On July 28, ACCO Brands Corporation announced its second quarter earnings for the period ended June 30, 2020.

  • 2Q EPS of $0.06 versus $0.35 in prior year
  • Adjusted 2Q EPS of $0.12 versus $0.36 in 2019
  • 2Q net sales $367 million, down 29%
  • Solid back-to-school sell-in in North America
  • Initiated restructuring with $7 million charge

“Our second quarter sales were at the upper end of our guidance. We saw sequential monthly improvement after April’s bottom, which continued into July. Our profitability and adjusted earnings per share were much better than expected, mainly from the aggressive cost saving actions we took worldwide. We are still facing an uncertain environment, particularly around schools reopening in North America; however, our balance sheet remains strong, and we have good liquidity, with no debt maturities until May 2024. We expect to continue to generate strong cash flow for the full year,” said Boris Elisman, Chairman, President and Chief Executive Officer of ACCO Brands.

“We expect global economic conditions will remain challenging for some time. As a result, our cost reduction initiatives are moving from temporary to structural. We have made decisions to streamline our organizations in North America and Mexico. At the same time, effective in the third quarter, we resumed regular pay for full time work at our global facilities,” Elisman added.

Second Quarter Results

Net sales decreased 29.3% to $366.9 million from $518.7 million in 2019. Comparable sales decreased 28.3%. Both declines were due to lower demand because of COVID-19 impacts. Adverse foreign exchange hurt sales $7.0 million, or 1.3 percent.

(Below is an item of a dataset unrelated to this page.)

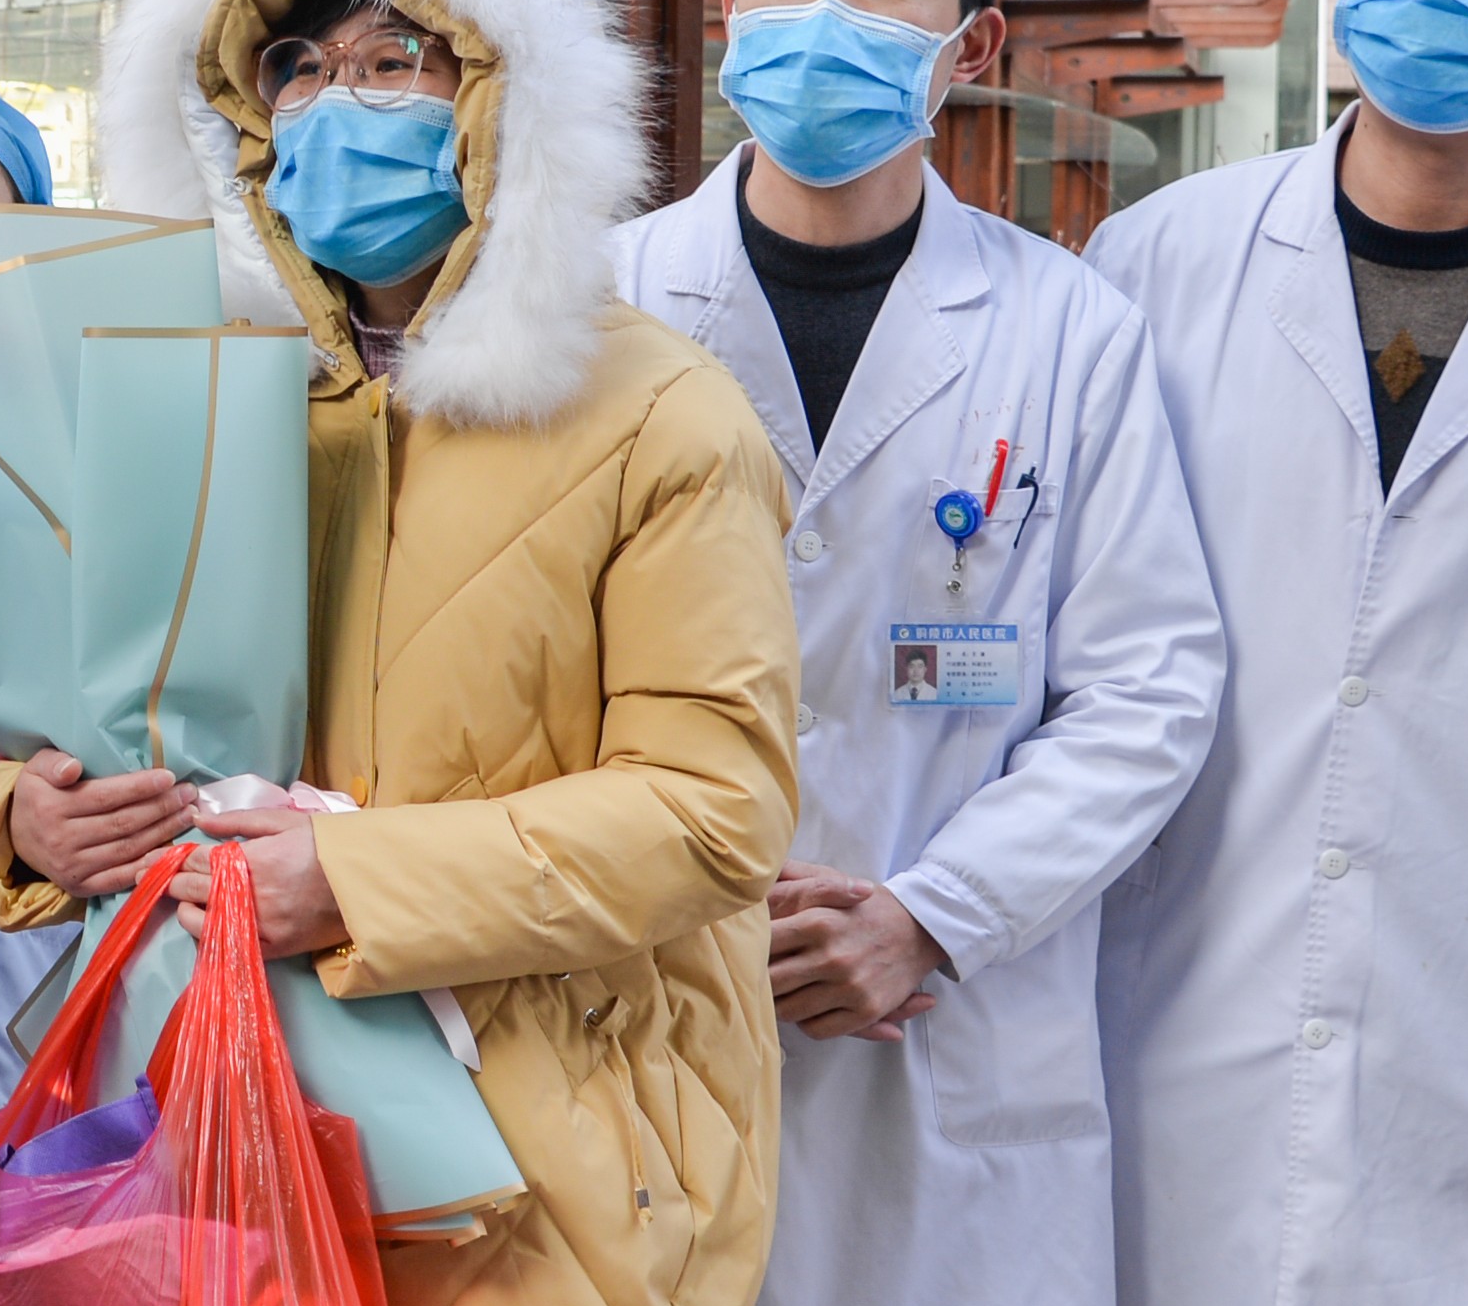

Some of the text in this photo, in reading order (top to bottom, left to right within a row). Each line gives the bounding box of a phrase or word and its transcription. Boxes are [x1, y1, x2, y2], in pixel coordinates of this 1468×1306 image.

[915, 627, 1007, 641] 铜陵市人民医院

Operating income was $18.5 million, down from $61.4 million in 2019, due to lower sales related to COVID-19 impacts, partially offset by cost reductions. Foreign exchange benefited operating income $1.2 million by reducing the impact of operating losses in International and EMEA. Adjusted operating income was $25.4 million, down from $61.5 million in 2019, due to lower sales and increased charges for slow moving inventory and bad debt reserves, partially offset by cost reductions.

Net income was $5.4 million, or $0.06 per share, compared with $35.9 million, or $0.35 per share, last year due to lower operating income. Adjusted net income was $11.6 million, down from $36.3 million in 2019 largely due to lower adjusted operating income. Adjusted earnings per share were $0.12 compared with $0.36 in 2019.

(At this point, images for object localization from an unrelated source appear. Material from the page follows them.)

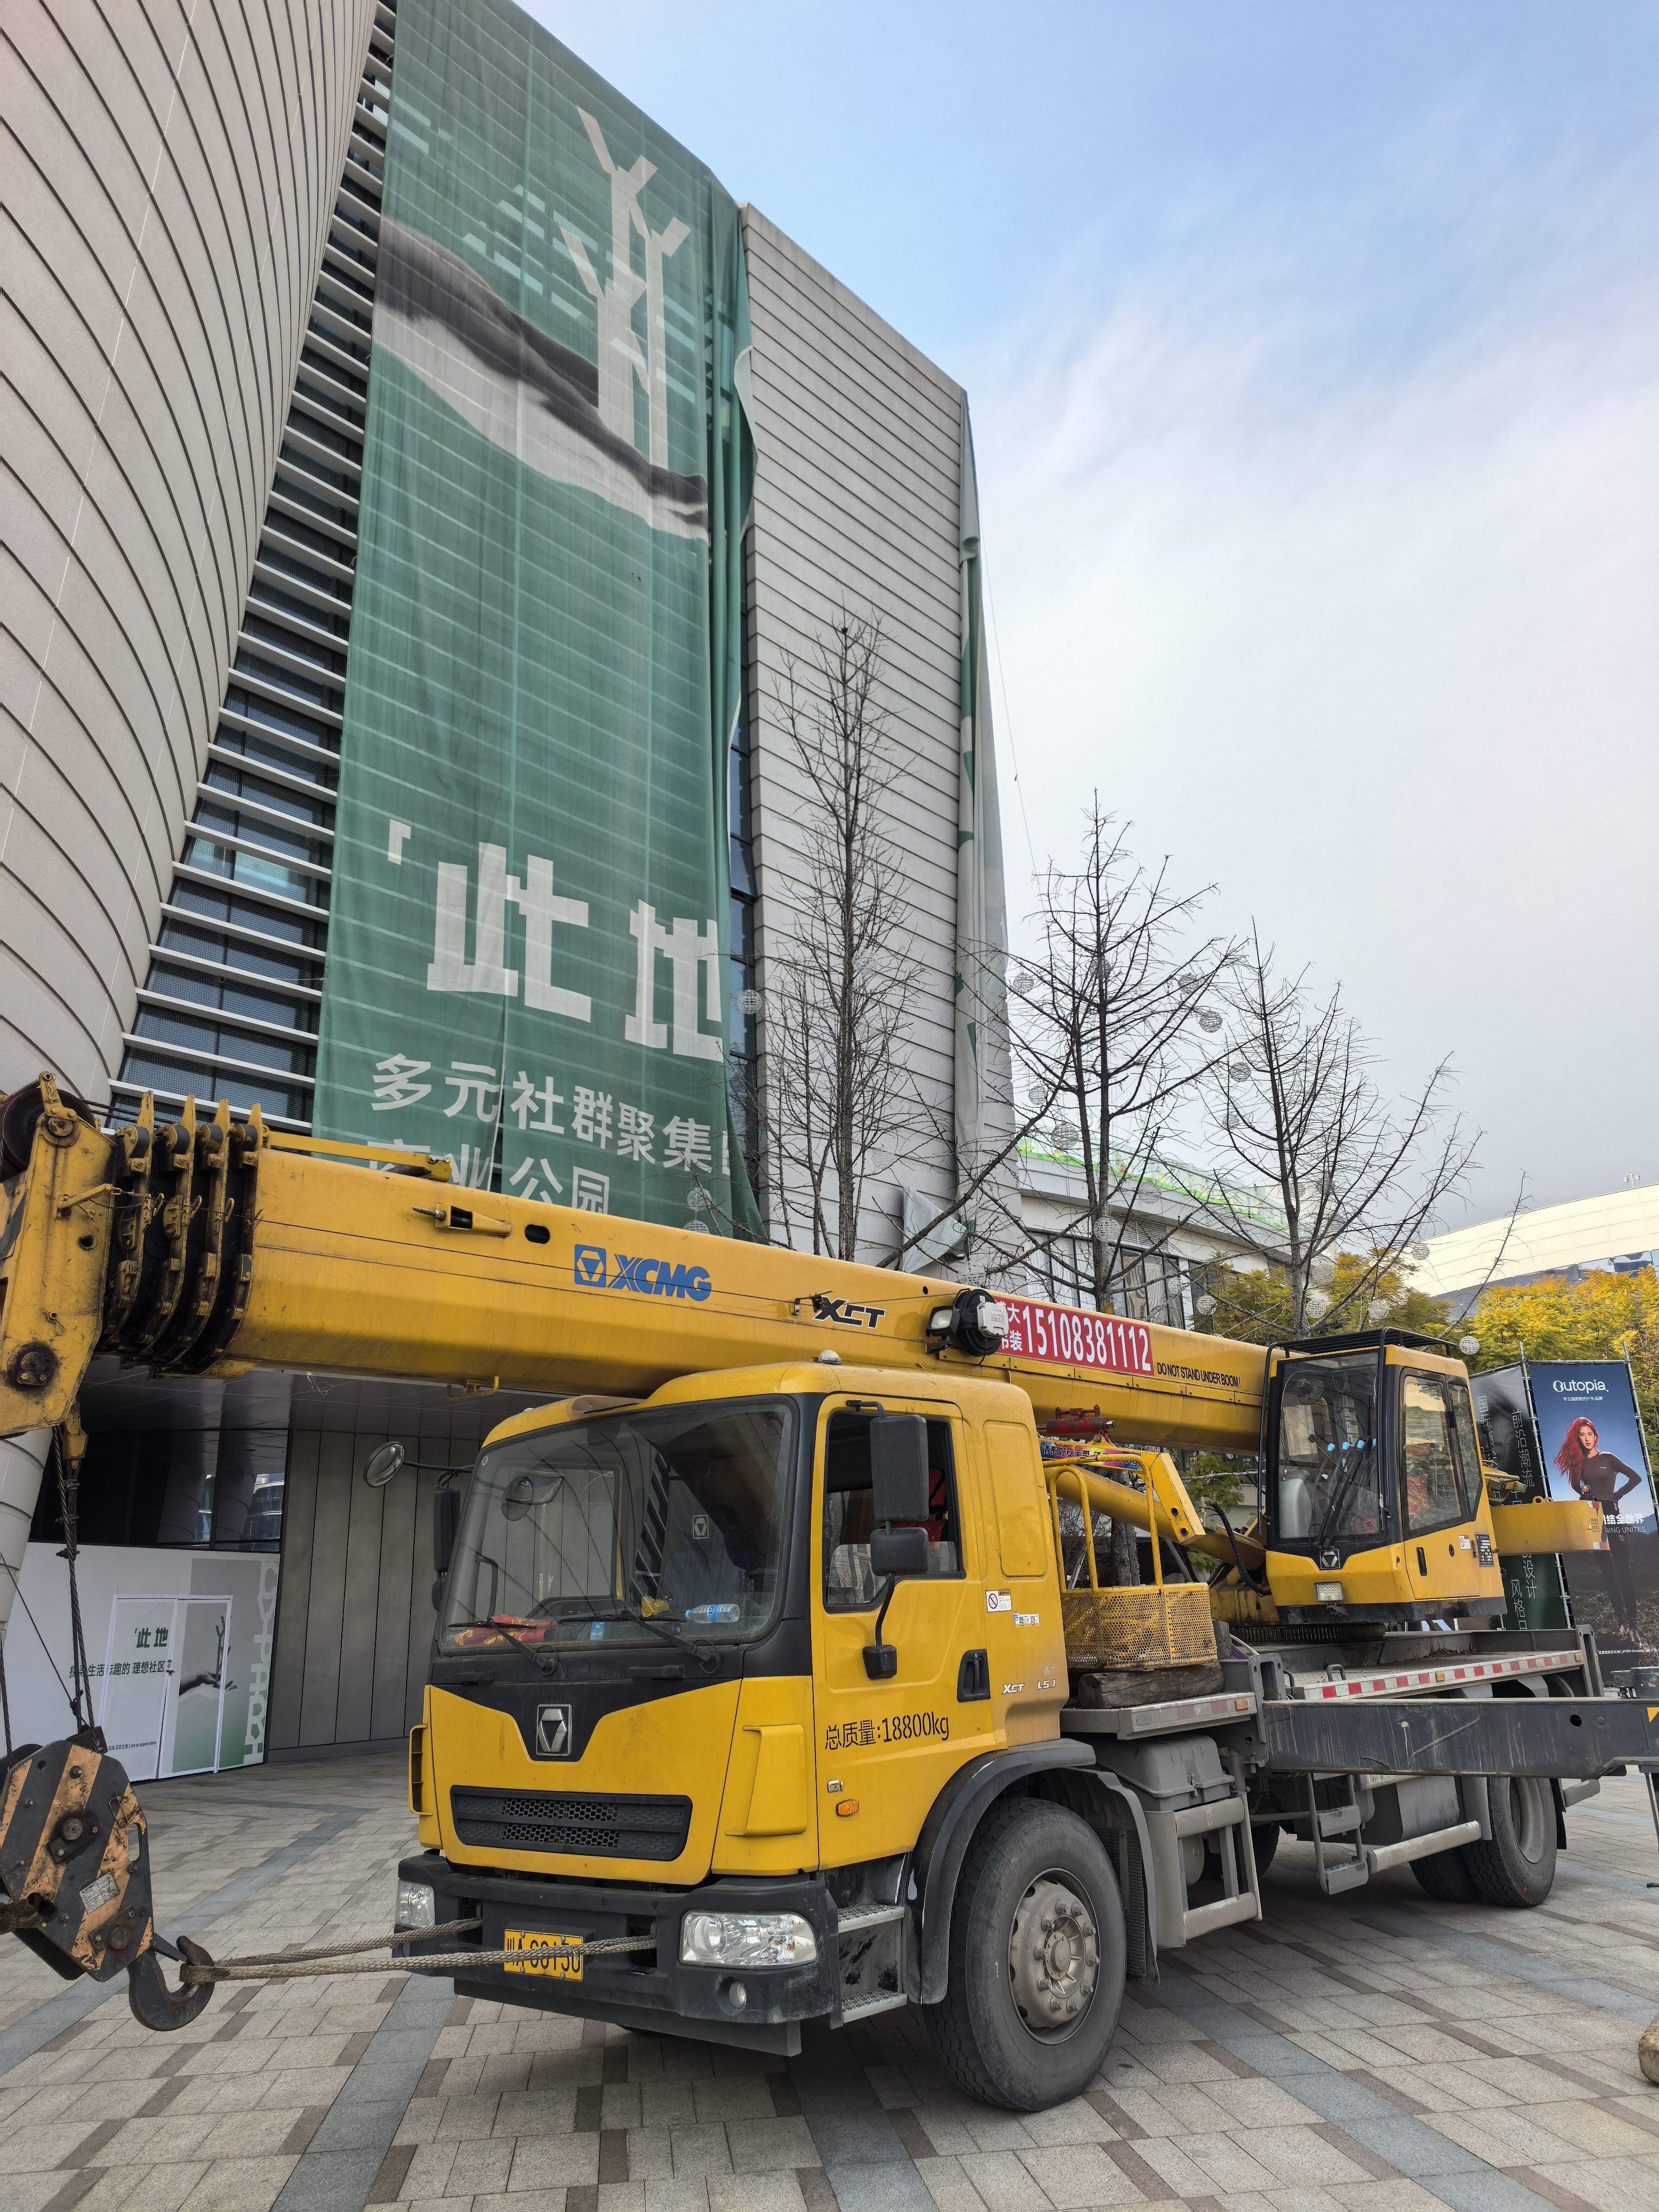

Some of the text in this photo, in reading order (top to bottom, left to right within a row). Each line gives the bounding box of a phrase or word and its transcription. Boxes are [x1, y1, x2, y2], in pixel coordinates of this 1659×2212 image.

[372, 1053, 729, 1176] 多元社群聚集
[606, 1253, 712, 1301] XCMG
[812, 1297, 886, 1329] XCT
[1022, 1305, 1151, 1372] 15108381112
[1157, 1362, 1167, 1375] DO
[1167, 1364, 1180, 1377] NOT
[1181, 1366, 1201, 1381] STAND
[1201, 1370, 1221, 1385] UNDER
[1603, 1514, 1644, 1525] 结全世界
[1522, 1554, 1537, 1599] 设计
[132, 1661, 165, 1674] 理想社区
[1002, 1683, 1024, 1695] XCT

ACCO Brands North America 

Sales of $231.7 million decreased 24.7% from $307.9 million in 2019. Comparable sales decreased 24.5%. Both declines were due to lower demand related to COVID-19 impacts. While back-to-school retail sell-in was solid, there were significant declines in the commercial office products side of the business. Operating income of $37.4 million decreased from $60.6 million in 2019. Adjusted operating income of $42.4 million decreased 29.8% from $60.4 million in 2019. Both declines are due to lower sales, higher slow moving inventory charges, and unfavorable product and customer mix, partially offset by cost reductions. Restructuring charges for the segment were $5.0 million versus none in 2019.

Six Months Results

Net sales decreased 17.7% to $751.0 million from $912.6 million in 2019. Comparable sales decreased 17.5%. Both declines resulted from lower demand because of COVID-19 impacts. Adverse foreign exchange was $17.6 million, or 1.9%. The Foroni acquisition added $15.7 million, or 1.7%.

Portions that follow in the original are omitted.